Apenas comencé a responderle, me di cuenta de la caída; pero ya era tarde.
—Sí,—le dije, observando sus ojos;—me acuerdo de que antes no los tenía…
Y miré a otro lado. Pero María Elvira se echó a reir:
—Es cierto; Vd. debe saberlo más que nadie.
¡Ah! ¡qué sensación de inmensa losa derrumbada por fin de sobre mi pecho! Era posible hablar de eso, por fin!

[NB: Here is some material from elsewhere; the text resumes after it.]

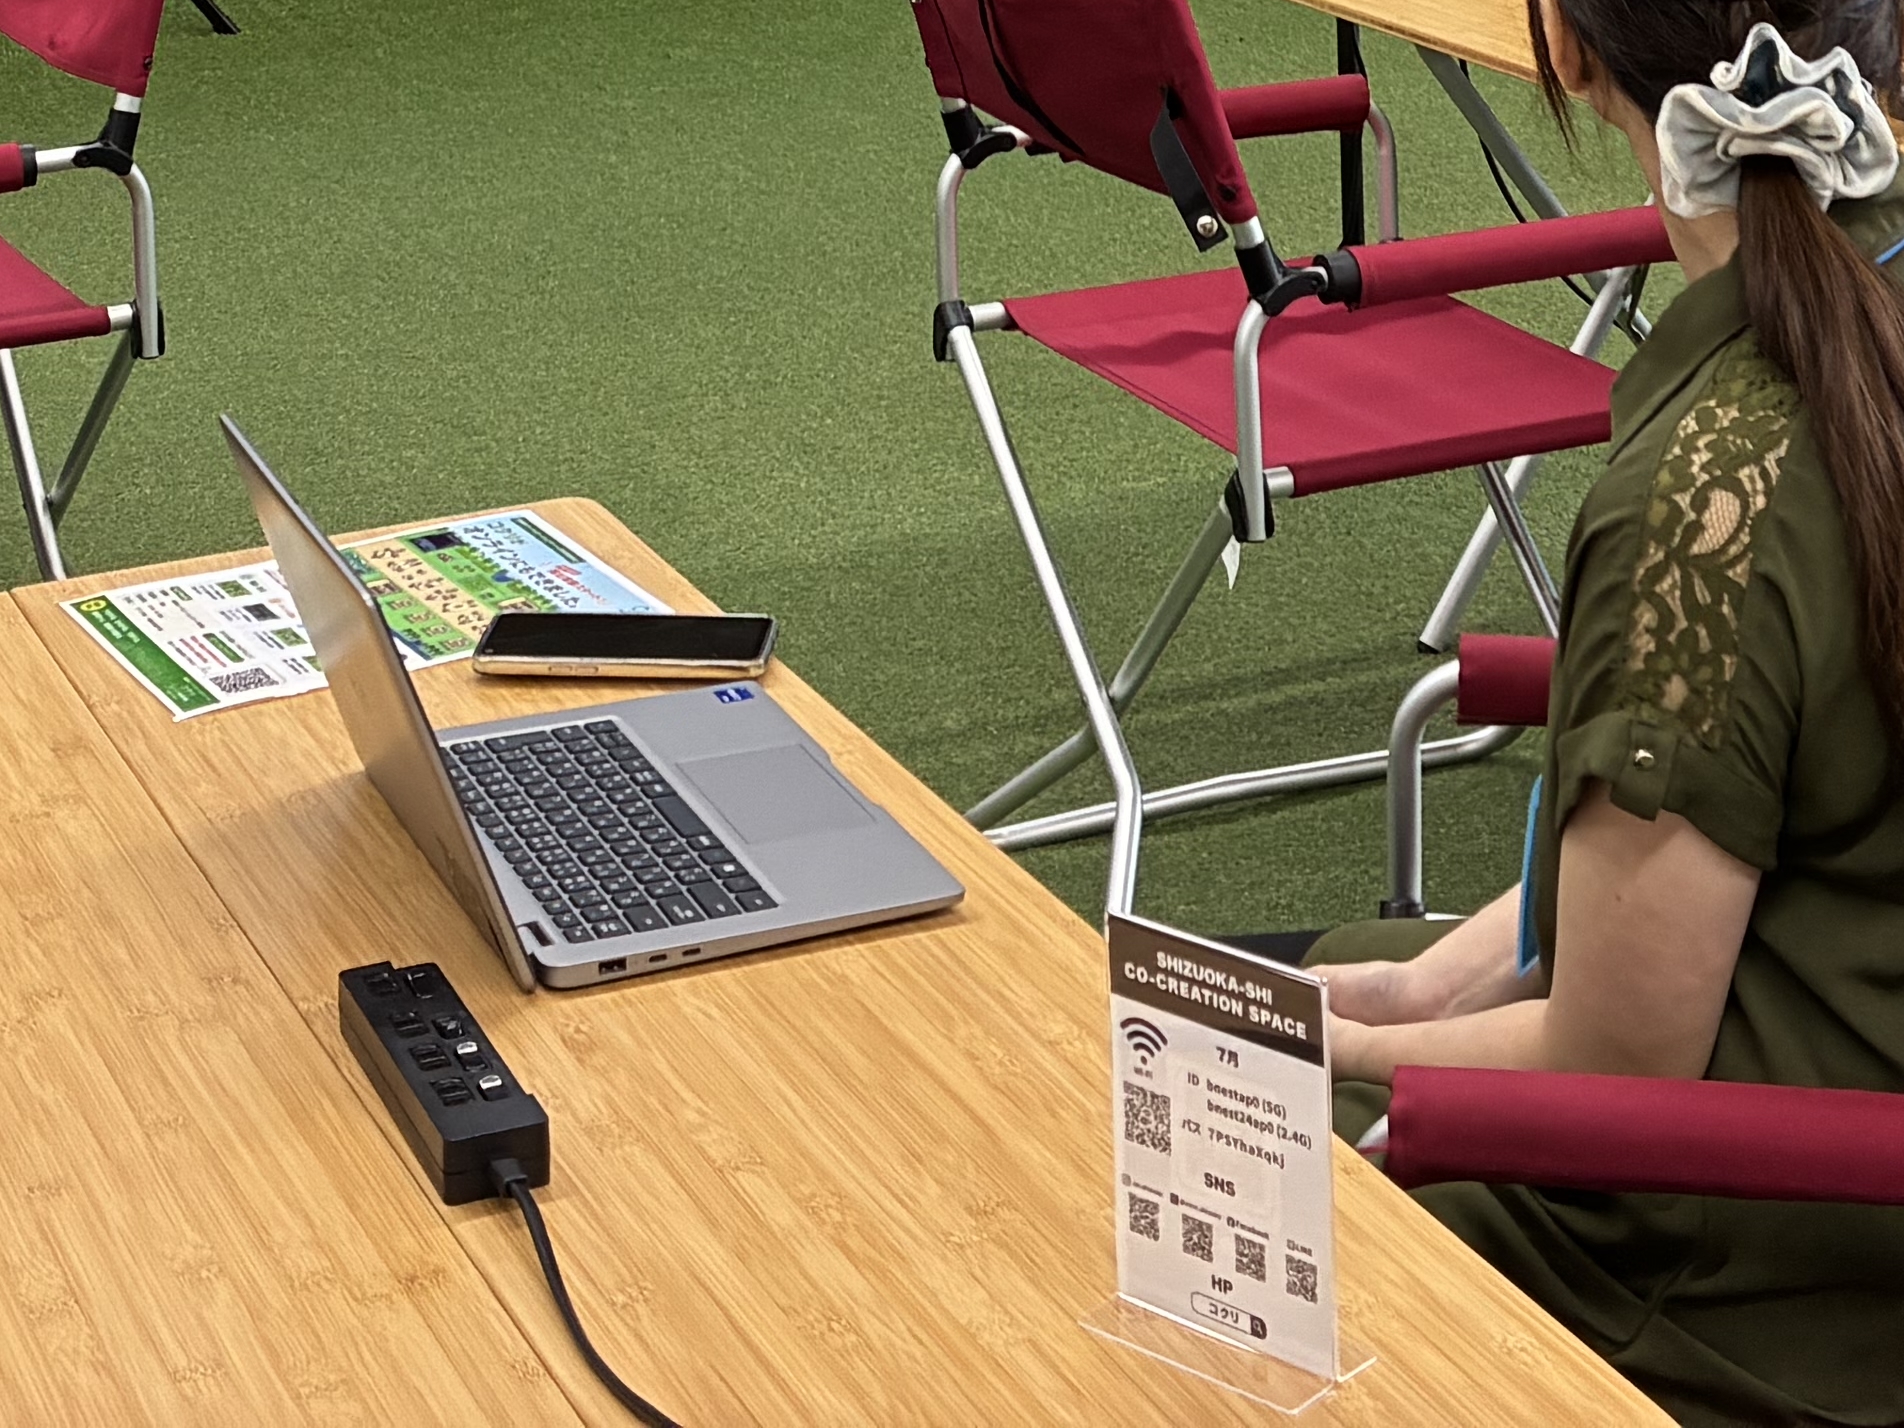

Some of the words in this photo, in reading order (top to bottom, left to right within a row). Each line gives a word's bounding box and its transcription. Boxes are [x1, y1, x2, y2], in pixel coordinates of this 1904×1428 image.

—Eso creo—repuse.—Más que nadie, no sé… Pero si; en el momento a que se refiere, más que nadie, con seguridad.
Me detuve de nuevo; mi voz comenzaba a bajar demasiado de tono.
¡Ah, sí!—se sonrió María Elvira. Apartó los ojos, seria ya, alzándolos a las parejas que pasaban a nuestro lado.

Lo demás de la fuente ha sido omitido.